[Task details]: Without the pictures, restate all of the data below word for word.

[Provided data]:
____________

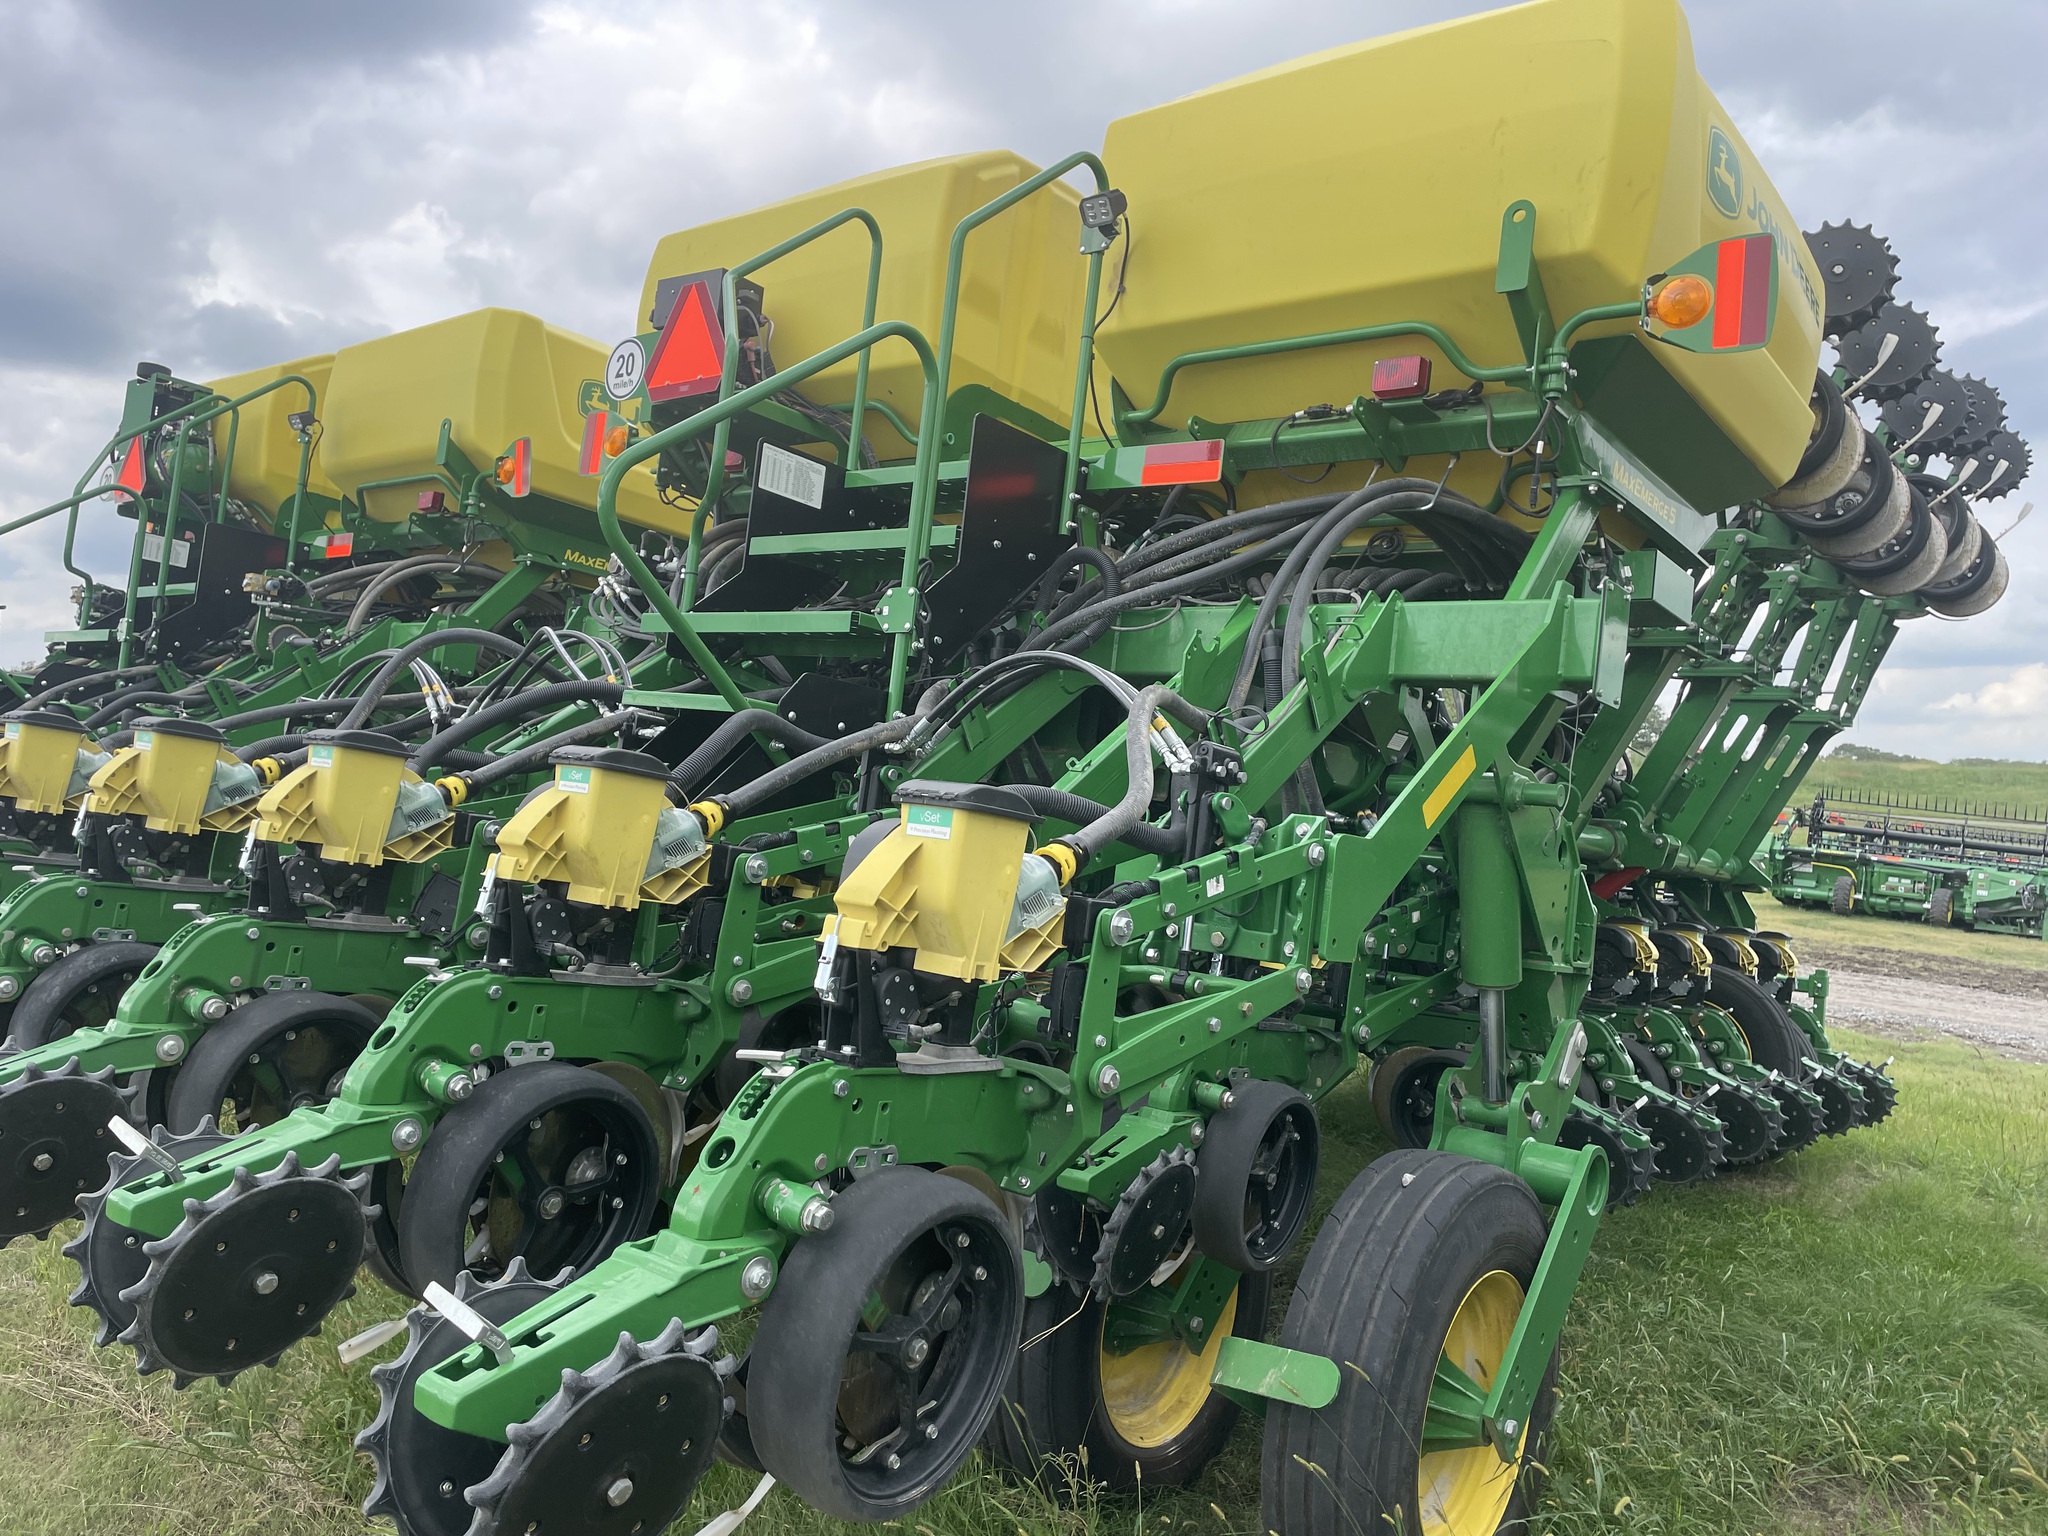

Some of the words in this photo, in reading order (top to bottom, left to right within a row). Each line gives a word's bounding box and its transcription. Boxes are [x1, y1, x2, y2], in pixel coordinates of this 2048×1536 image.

[1790, 240, 1820, 329] DEERE
[615, 352, 635, 379] 20
[612, 378, 634, 390] mile/h
[1668, 506, 1677, 525] 5
[920, 810, 942, 824] vSet

____________

[Task answer]:
Some of the words in this photo, in reading order (top to bottom, left to right within a row). Each line gives a word's bounding box and its transcription. Boxes are [x1, y1, x2, y2], in pixel coordinates of this 2048×1536 image.

[1790, 240, 1820, 329] DEERE
[615, 352, 635, 379] 20
[612, 378, 634, 390] mile/h
[1668, 506, 1677, 525] 5
[920, 810, 942, 824] vSet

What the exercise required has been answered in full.